Provided records:
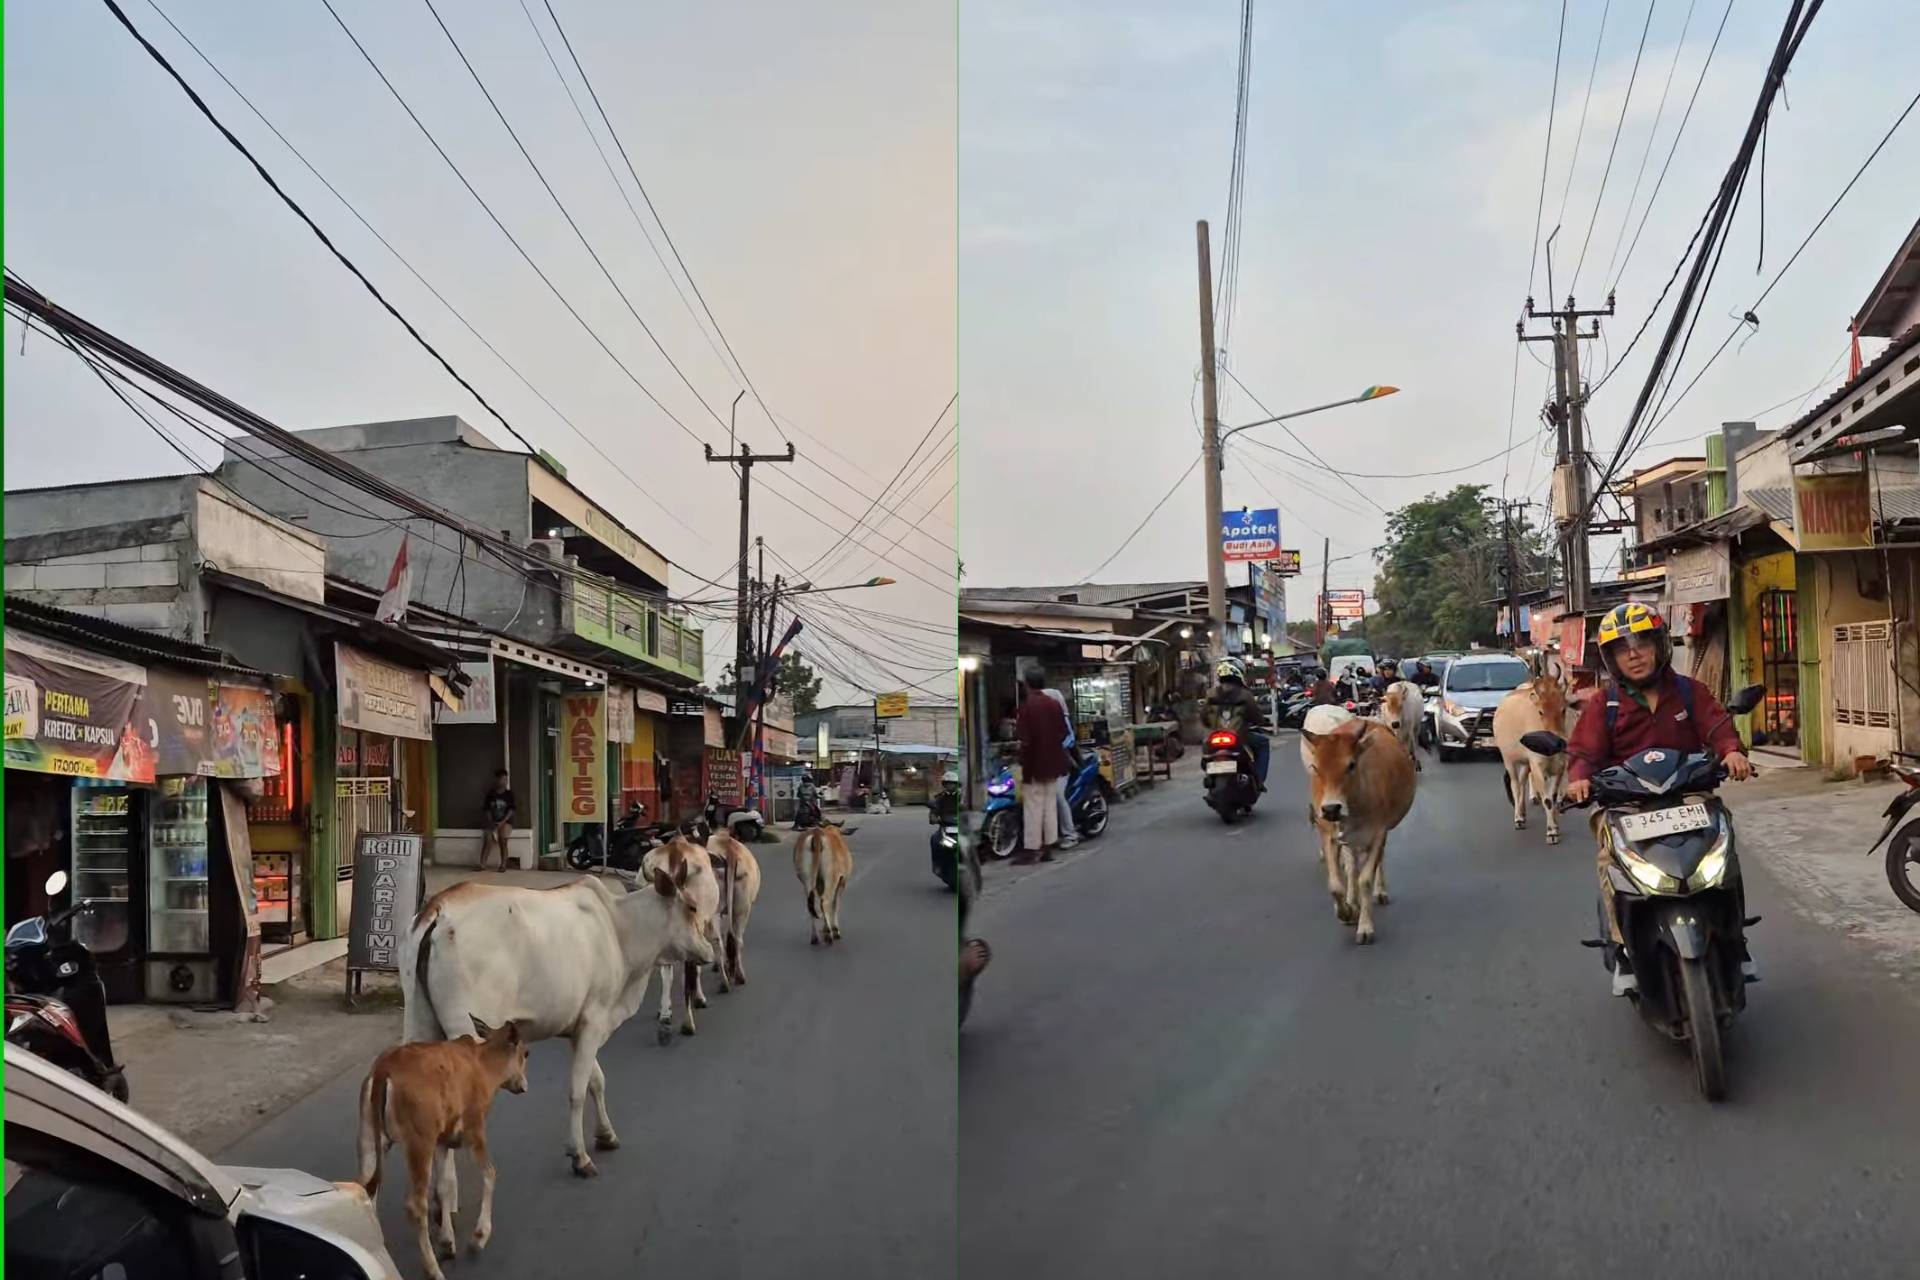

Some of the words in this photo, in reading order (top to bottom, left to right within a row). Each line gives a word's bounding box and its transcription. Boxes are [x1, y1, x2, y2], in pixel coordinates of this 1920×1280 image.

[1222, 524, 1277, 538] Apotek
[44, 690, 89, 718] PERTAMA
[44, 719, 77, 741] KRETEK
[84, 725, 116, 746] KAPSUL
[567, 697, 600, 816] WARTEG
[709, 750, 738, 762] JUAL
[363, 838, 411, 856] Refill
[366, 858, 398, 965] PARFUME

Requirement: Give every entry again word for word; no images belong in the copy.

Output of the exercise:
Some of the words in this photo, in reading order (top to bottom, left to right within a row). Each line gives a word's bounding box and its transcription. Boxes are [x1, y1, x2, y2], in pixel coordinates of this 1920×1280 image.

[1222, 524, 1277, 538] Apotek
[44, 690, 89, 718] PERTAMA
[44, 719, 77, 741] KRETEK
[84, 725, 116, 746] KAPSUL
[567, 697, 600, 816] WARTEG
[709, 750, 738, 762] JUAL
[363, 838, 411, 856] Refill
[366, 858, 398, 965] PARFUME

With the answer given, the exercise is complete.